No one pays for music anymore. Do you pay for music? Because I don’t, and neither should you.
This is why TIDAL, a new subscription-based streaming service, is as perplexing as it is pompous.
According to the New York Times, Jay Z acquired TIDAL’s parent company, Aspiro, back in March for a whopping $56 million. If I were Jay’s financial adviser, I would have quickly repented and reapplied for my CPA license.
The hyper-calculated social media storm that ensued following the acquisition was almost nauseating. Suddenly, Jay Z and crew had made their Twitter avatars blue. Mega stars from Arcade Fire to Kanye West to Coldplay began using the hashtag #TIDALforALL. Even stream-enemy and sales king Taylor Swift chimed in with support for the platform.
In May, Nicki Minaj released the highly anticipated video for “Feeling Myself,” featuring Mrs. Carter-Knowles herself, exclusively on TIDAL. With a Broad City-inspired color palette and a pool playette aesthetic, it was millennial pandering at its least subtle.

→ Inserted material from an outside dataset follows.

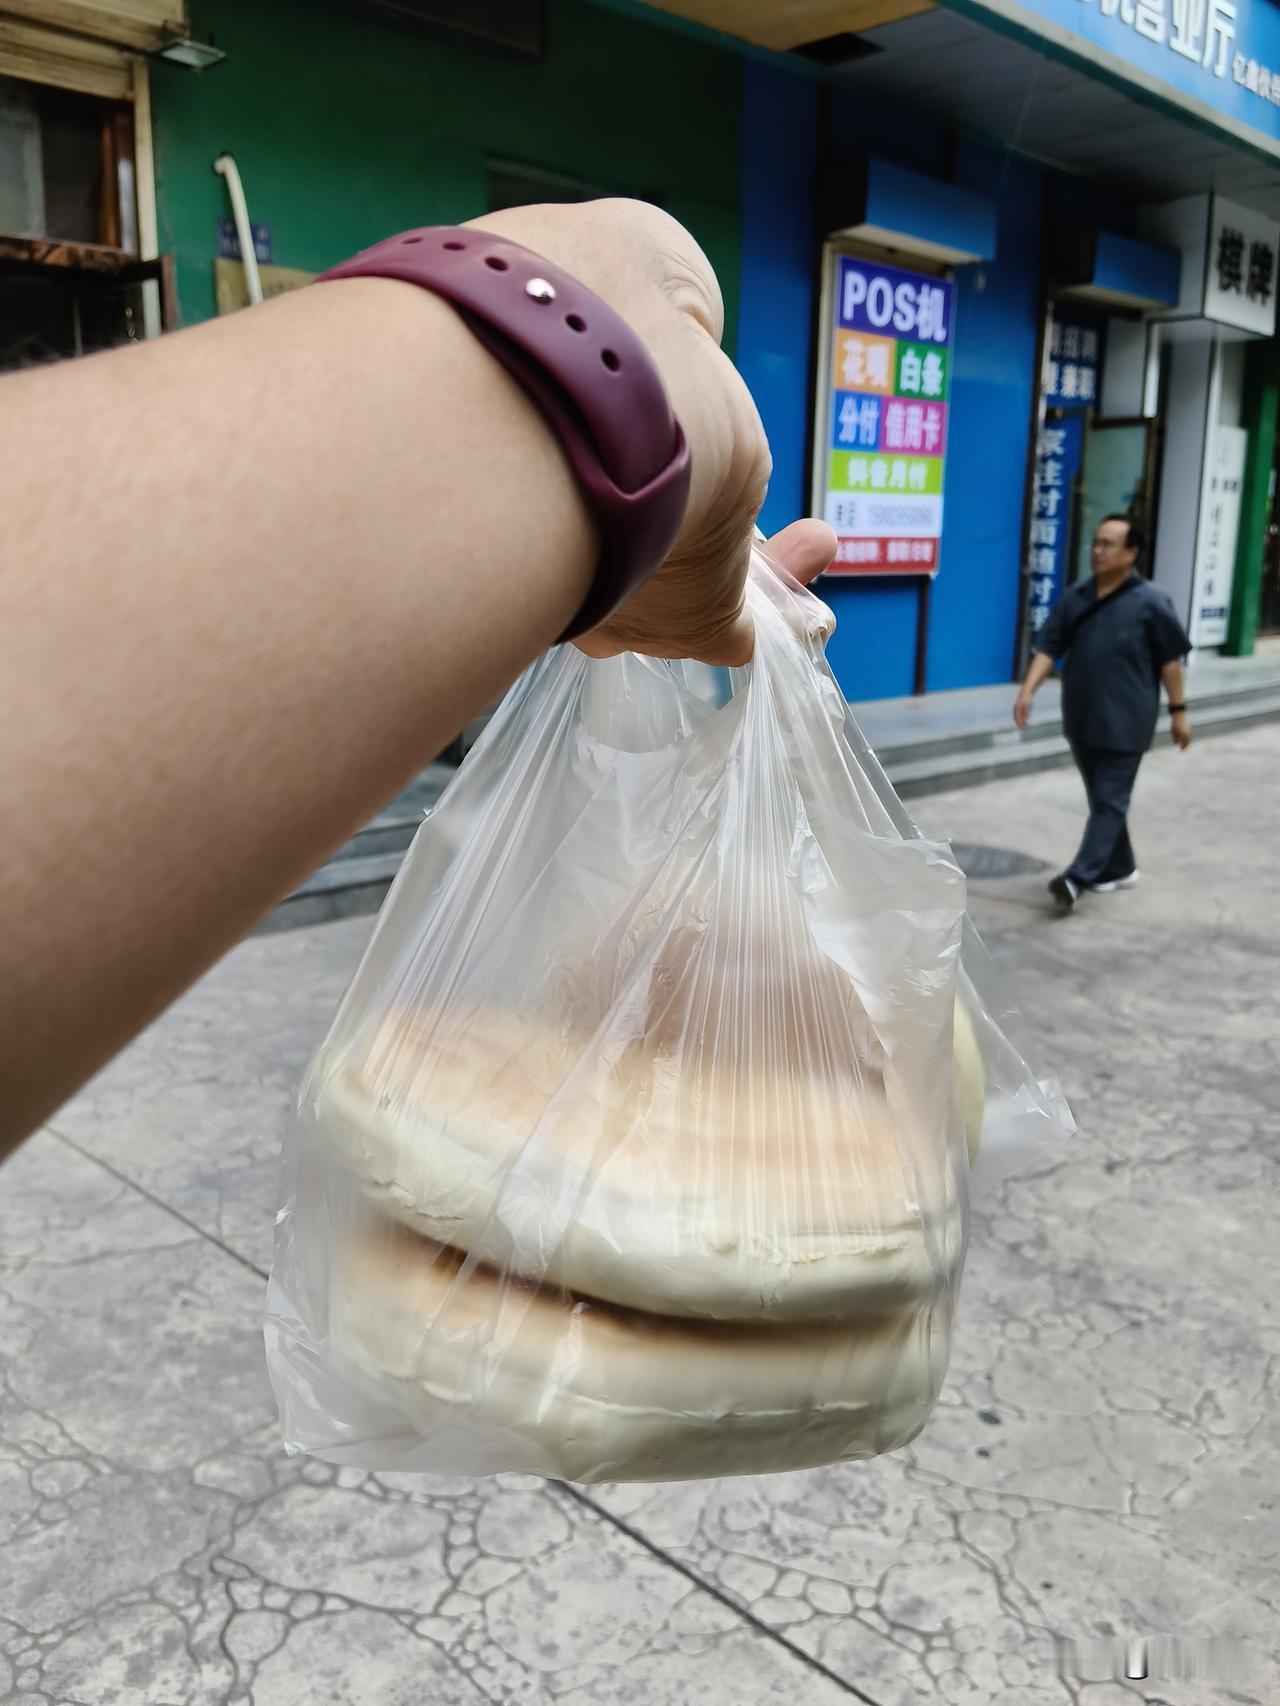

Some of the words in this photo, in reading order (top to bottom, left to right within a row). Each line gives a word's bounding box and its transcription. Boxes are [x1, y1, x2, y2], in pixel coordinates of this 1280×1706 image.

[842, 270, 948, 343] POS机
[899, 347, 945, 397] 白条
[885, 400, 942, 451] 信用卡

It’s easy to be fooled by TIDAL. It promises untethered access to the highest-selling musicians in the game, its aqua and charcoal website has a sleek and modern feel and it uses words such as “lossless” and “HiFi” to describe its auditory experience. Many of the artists involved have pledged to release content solely on TIDAL, making teenage Tumblr bloggers scramble to torrent clients in fear.
But this is to no avail. One thing TIDAL undeniably excels at is exclusivity. Whoever runs content over there should really look into a more lucrative career at Universal Pictures.
Three clicks into trying to find a free stream of 1993’s Jurassic Park, and I was staring point-blank into a high definition theater rip of this summer’s Jurassic World. Meanwhile, when “Feeling Myself” was first released, I couldn’t find a single version of the video anywhere on the Internet.
This aggressive approach to protecting intellectual property doesn’t tend to sit well with TIDAL’s heavily courted demographic. Those who complain about hiking tuition prices and plunging wages are not likely to casually drop $120 per year for an experiment in musical elitism. Something about this feels predatory.
Spotify has a look that is just as modern, and you can listen to music on it for free. Apple Music is naturalized onto your iPhone, and it boasts a catalog far more reaching than TIDAL’s.
But the major problem isn’t where other companies go right, it’s where TIDAL goes so wrong.
Its main push is music videos and “high fidelity” audio. If those two things don’t scream outdated to you, then please take the Boy Meets World poster shoved in the bottom of my closet; I think you’d enjoy it.
Videos are fun, but few are likely to pay $10 per month for four minutes of Nicki splashing Beyoncé in the face and laughing about it. Did you say high-fidelity audio? Sorry, I couldn’t hear you over the booming bass of my Beats headphones playing free Spotify.
TIDAL wants us, desperately. But the way to get a second date from us isn’t making us pay for the first 12.
Adam Manno is a contributing writer for the Central Florida Future.